That was an opening statement (verbal, written differed and the four witnesses had a joint-written statement). And the questions? None. Jim Webb feels the best way to chair a hearing is by boring everyone with tales of his father and tales of his own schooling. "I think we're doing everything we can for the people who serve," he insisted. The senator whose one term will be most distinguished by his attacks on the the victims of Agent Orange. The reason we're noting the above remarks is because they go back to the March 15th Armed Services Subcomittee hearing when Chair Joe Wilson explained:
The proposed TRICARE Prime fee increase for Fiscal Year 2012, while appearing to be modest, is a 13% increase over the current rate. The Dept of Defense proposes increasing the fee in the out years based on an inflation index. You suggest 6.2% but it is unclear exactly which index you are using?
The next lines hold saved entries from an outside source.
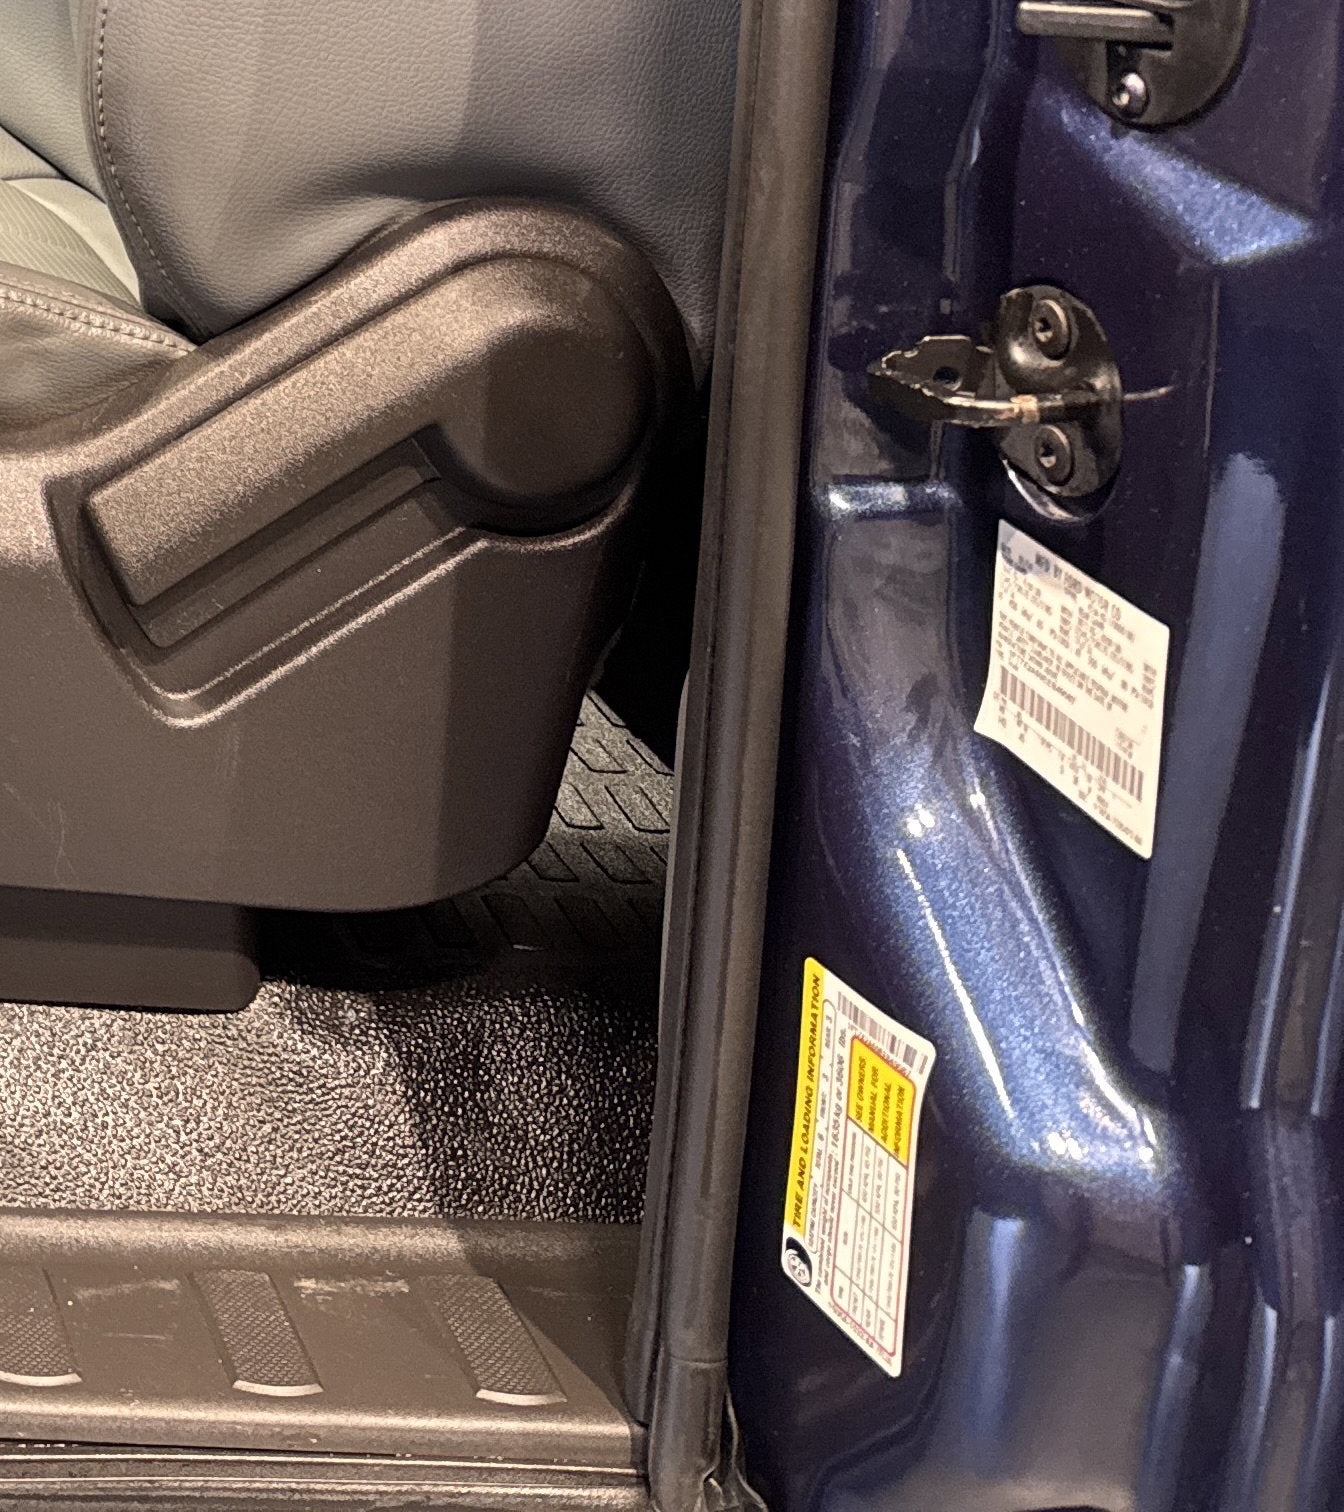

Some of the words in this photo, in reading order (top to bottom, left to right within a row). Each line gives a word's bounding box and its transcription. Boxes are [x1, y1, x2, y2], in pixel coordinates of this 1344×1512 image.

[806, 974, 820, 1082] INFORMATION
[800, 1085, 813, 1155] LOADING
[868, 1091, 877, 1134] MANUAL
[880, 1082, 892, 1144] ADDITIONAL
[892, 1086, 905, 1158] INFORMATION
[797, 1156, 806, 1191] AND
[792, 1192, 803, 1228] TIRE
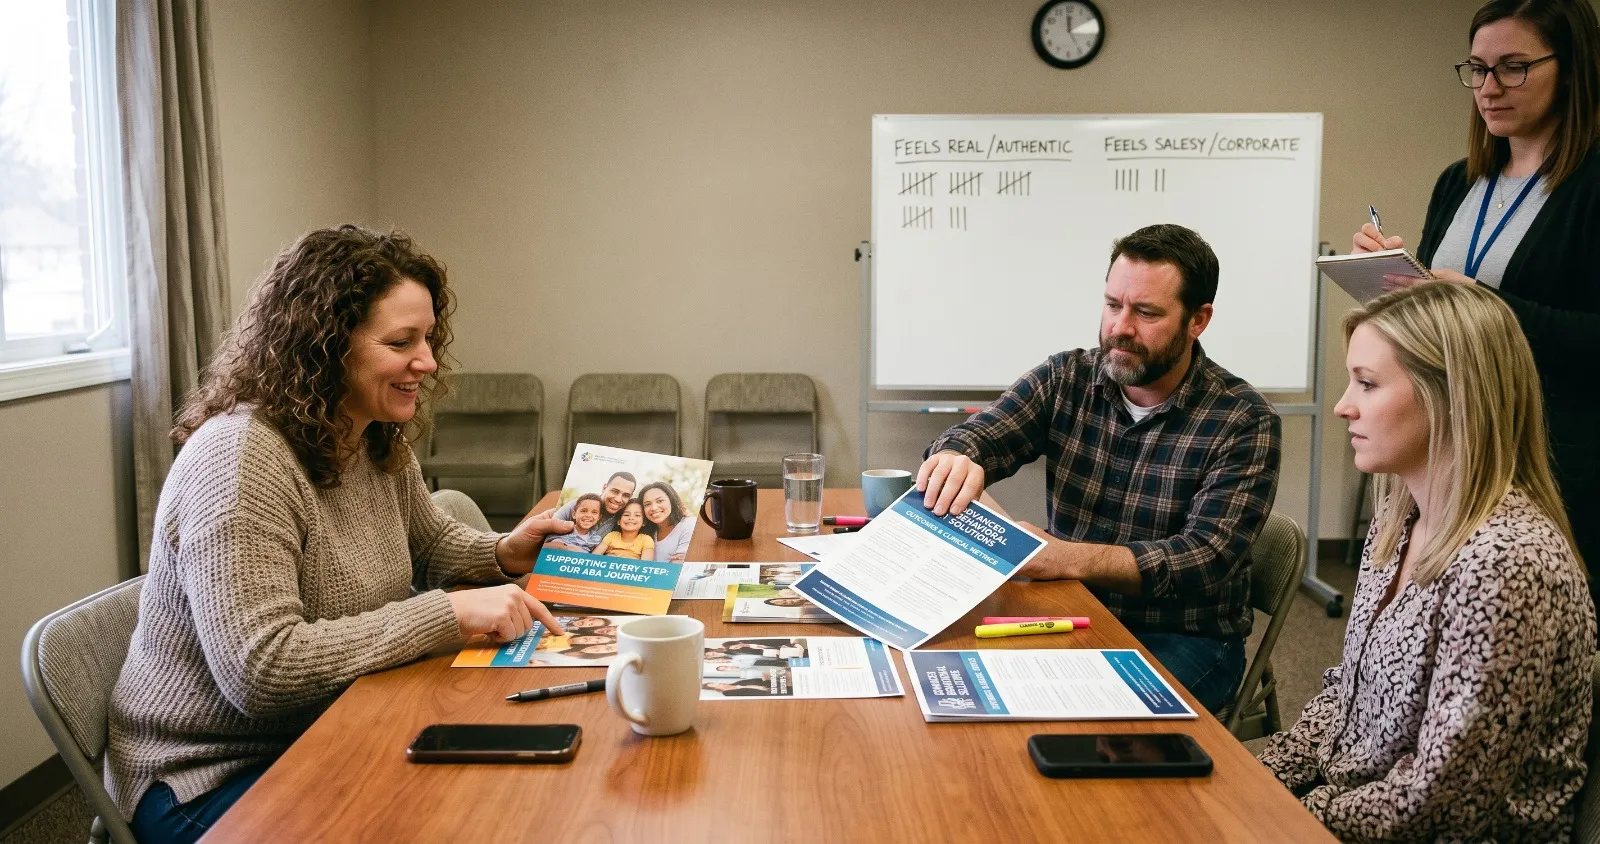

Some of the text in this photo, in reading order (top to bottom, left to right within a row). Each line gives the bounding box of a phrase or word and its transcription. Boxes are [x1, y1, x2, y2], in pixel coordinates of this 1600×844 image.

You plan to reduce the rate that TRICARE pays Sole Community Hospitals for inpatient care provided to our active duty, family members and retirees. Several of these hospitals are located very close to military bases -- in fact, some are right outside the front gates -- especially important for 24-hour emergency care. What analysis have you done to determine whether reducing these rates will affect access to care for our beneficiaries and in particular the readiness of our armed forces? I would also like our witnesses to discuss the range of efficiency options that were considered but not included in the President's budget.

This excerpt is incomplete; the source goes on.